What the task asks - The data must be written out once more, precisely as given.

BEGIN Data listing

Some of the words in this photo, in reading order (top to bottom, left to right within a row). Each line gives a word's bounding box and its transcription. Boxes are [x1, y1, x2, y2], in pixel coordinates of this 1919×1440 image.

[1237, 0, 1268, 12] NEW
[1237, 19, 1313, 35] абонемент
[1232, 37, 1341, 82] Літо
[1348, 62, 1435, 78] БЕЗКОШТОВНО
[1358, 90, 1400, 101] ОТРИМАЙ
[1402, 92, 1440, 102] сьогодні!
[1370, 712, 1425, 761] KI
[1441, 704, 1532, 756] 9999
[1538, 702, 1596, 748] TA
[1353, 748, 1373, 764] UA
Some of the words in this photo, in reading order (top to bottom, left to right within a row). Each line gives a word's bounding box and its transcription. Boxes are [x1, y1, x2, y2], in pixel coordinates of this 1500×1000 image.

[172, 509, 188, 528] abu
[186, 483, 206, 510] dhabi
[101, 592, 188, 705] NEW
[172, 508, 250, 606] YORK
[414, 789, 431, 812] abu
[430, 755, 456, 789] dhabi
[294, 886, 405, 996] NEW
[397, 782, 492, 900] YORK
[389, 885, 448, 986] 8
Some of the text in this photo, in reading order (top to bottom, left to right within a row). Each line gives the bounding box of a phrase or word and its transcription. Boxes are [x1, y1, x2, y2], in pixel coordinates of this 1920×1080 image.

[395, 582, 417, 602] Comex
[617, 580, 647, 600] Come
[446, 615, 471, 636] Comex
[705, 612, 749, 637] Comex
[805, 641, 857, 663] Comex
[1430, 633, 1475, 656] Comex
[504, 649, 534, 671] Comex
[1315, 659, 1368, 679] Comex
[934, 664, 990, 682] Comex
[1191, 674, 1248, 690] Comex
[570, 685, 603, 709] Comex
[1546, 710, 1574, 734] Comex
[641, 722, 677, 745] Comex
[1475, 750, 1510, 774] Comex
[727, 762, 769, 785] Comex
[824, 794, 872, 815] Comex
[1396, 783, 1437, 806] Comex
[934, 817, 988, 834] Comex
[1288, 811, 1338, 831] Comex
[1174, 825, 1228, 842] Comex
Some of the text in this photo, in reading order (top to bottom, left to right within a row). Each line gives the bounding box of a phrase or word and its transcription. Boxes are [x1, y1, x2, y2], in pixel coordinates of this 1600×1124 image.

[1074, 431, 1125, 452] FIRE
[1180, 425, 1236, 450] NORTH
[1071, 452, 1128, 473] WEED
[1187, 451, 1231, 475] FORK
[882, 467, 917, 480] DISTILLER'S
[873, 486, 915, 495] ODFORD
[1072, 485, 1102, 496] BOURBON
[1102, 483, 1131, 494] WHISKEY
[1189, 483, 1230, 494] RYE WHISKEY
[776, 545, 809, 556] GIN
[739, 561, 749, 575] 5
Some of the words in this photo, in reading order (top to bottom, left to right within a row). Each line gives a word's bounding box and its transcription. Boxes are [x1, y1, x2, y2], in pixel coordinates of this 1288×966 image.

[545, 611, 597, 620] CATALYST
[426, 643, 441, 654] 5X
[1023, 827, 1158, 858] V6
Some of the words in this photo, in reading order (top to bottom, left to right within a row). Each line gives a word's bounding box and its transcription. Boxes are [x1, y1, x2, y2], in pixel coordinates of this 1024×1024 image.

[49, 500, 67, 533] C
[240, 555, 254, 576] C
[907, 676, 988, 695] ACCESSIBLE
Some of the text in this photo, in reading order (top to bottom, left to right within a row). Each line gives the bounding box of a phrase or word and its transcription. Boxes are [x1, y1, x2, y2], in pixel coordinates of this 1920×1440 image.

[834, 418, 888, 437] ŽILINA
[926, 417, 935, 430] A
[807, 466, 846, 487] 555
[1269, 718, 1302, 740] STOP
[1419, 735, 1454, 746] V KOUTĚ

END Data listing

Result for this task -
Some of the words in this photo, in reading order (top to bottom, left to right within a row). Each line gives a word's bounding box and its transcription. Boxes are [x1, y1, x2, y2], in pixel coordinates of this 1919×1440 image.

[1237, 0, 1268, 12] NEW
[1237, 19, 1313, 35] абонемент
[1232, 37, 1341, 82] Літо
[1348, 62, 1435, 78] БЕЗКОШТОВНО
[1358, 90, 1400, 101] ОТРИМАЙ
[1402, 92, 1440, 102] сьогодні!
[1370, 712, 1425, 761] KI
[1441, 704, 1532, 756] 9999
[1538, 702, 1596, 748] TA
[1353, 748, 1373, 764] UA
Some of the words in this photo, in reading order (top to bottom, left to right within a row). Each line gives a word's bounding box and its transcription. Boxes are [x1, y1, x2, y2], in pixel coordinates of this 1500×1000 image.

[172, 509, 188, 528] abu
[186, 483, 206, 510] dhabi
[101, 592, 188, 705] NEW
[172, 508, 250, 606] YORK
[414, 789, 431, 812] abu
[430, 755, 456, 789] dhabi
[294, 886, 405, 996] NEW
[397, 782, 492, 900] YORK
[389, 885, 448, 986] 8
Some of the text in this photo, in reading order (top to bottom, left to right within a row). Each line gives the bounding box of a phrase or word and its transcription. Boxes are [x1, y1, x2, y2], in pixel coordinates of this 1920×1080 image.

[395, 582, 417, 602] Comex
[617, 580, 647, 600] Come
[446, 615, 471, 636] Comex
[705, 612, 749, 637] Comex
[805, 641, 857, 663] Comex
[1430, 633, 1475, 656] Comex
[504, 649, 534, 671] Comex
[1315, 659, 1368, 679] Comex
[934, 664, 990, 682] Comex
[1191, 674, 1248, 690] Comex
[570, 685, 603, 709] Comex
[1546, 710, 1574, 734] Comex
[641, 722, 677, 745] Comex
[1475, 750, 1510, 774] Comex
[727, 762, 769, 785] Comex
[824, 794, 872, 815] Comex
[1396, 783, 1437, 806] Comex
[934, 817, 988, 834] Comex
[1288, 811, 1338, 831] Comex
[1174, 825, 1228, 842] Comex
Some of the text in this photo, in reading order (top to bottom, left to right within a row). Each line gives the bounding box of a phrase or word and its transcription. Boxes are [x1, y1, x2, y2], in pixel coordinates of this 1600×1124 image.

[1074, 431, 1125, 452] FIRE
[1180, 425, 1236, 450] NORTH
[1071, 452, 1128, 473] WEED
[1187, 451, 1231, 475] FORK
[882, 467, 917, 480] DISTILLER'S
[873, 486, 915, 495] ODFORD
[1072, 485, 1102, 496] BOURBON
[1102, 483, 1131, 494] WHISKEY
[1189, 483, 1230, 494] RYE WHISKEY
[776, 545, 809, 556] GIN
[739, 561, 749, 575] 5
Some of the words in this photo, in reading order (top to bottom, left to right within a row). Each line gives a word's bounding box and its transcription. Boxes are [x1, y1, x2, y2], in pixel coordinates of this 1288×966 image.

[545, 611, 597, 620] CATALYST
[426, 643, 441, 654] 5X
[1023, 827, 1158, 858] V6
Some of the words in this photo, in reading order (top to bottom, left to right within a row). Each line gives a word's bounding box and its transcription. Boxes are [x1, y1, x2, y2], in pixel coordinates of this 1024×1024 image.

[49, 500, 67, 533] C
[240, 555, 254, 576] C
[907, 676, 988, 695] ACCESSIBLE
Some of the text in this photo, in reading order (top to bottom, left to right within a row). Each line gives the bounding box of a phrase or word and its transcription. Boxes are [x1, y1, x2, y2], in pixel coordinates of this 1920×1440 image.

[834, 418, 888, 437] ŽILINA
[926, 417, 935, 430] A
[807, 466, 846, 487] 555
[1269, 718, 1302, 740] STOP
[1419, 735, 1454, 746] V KOUTĚ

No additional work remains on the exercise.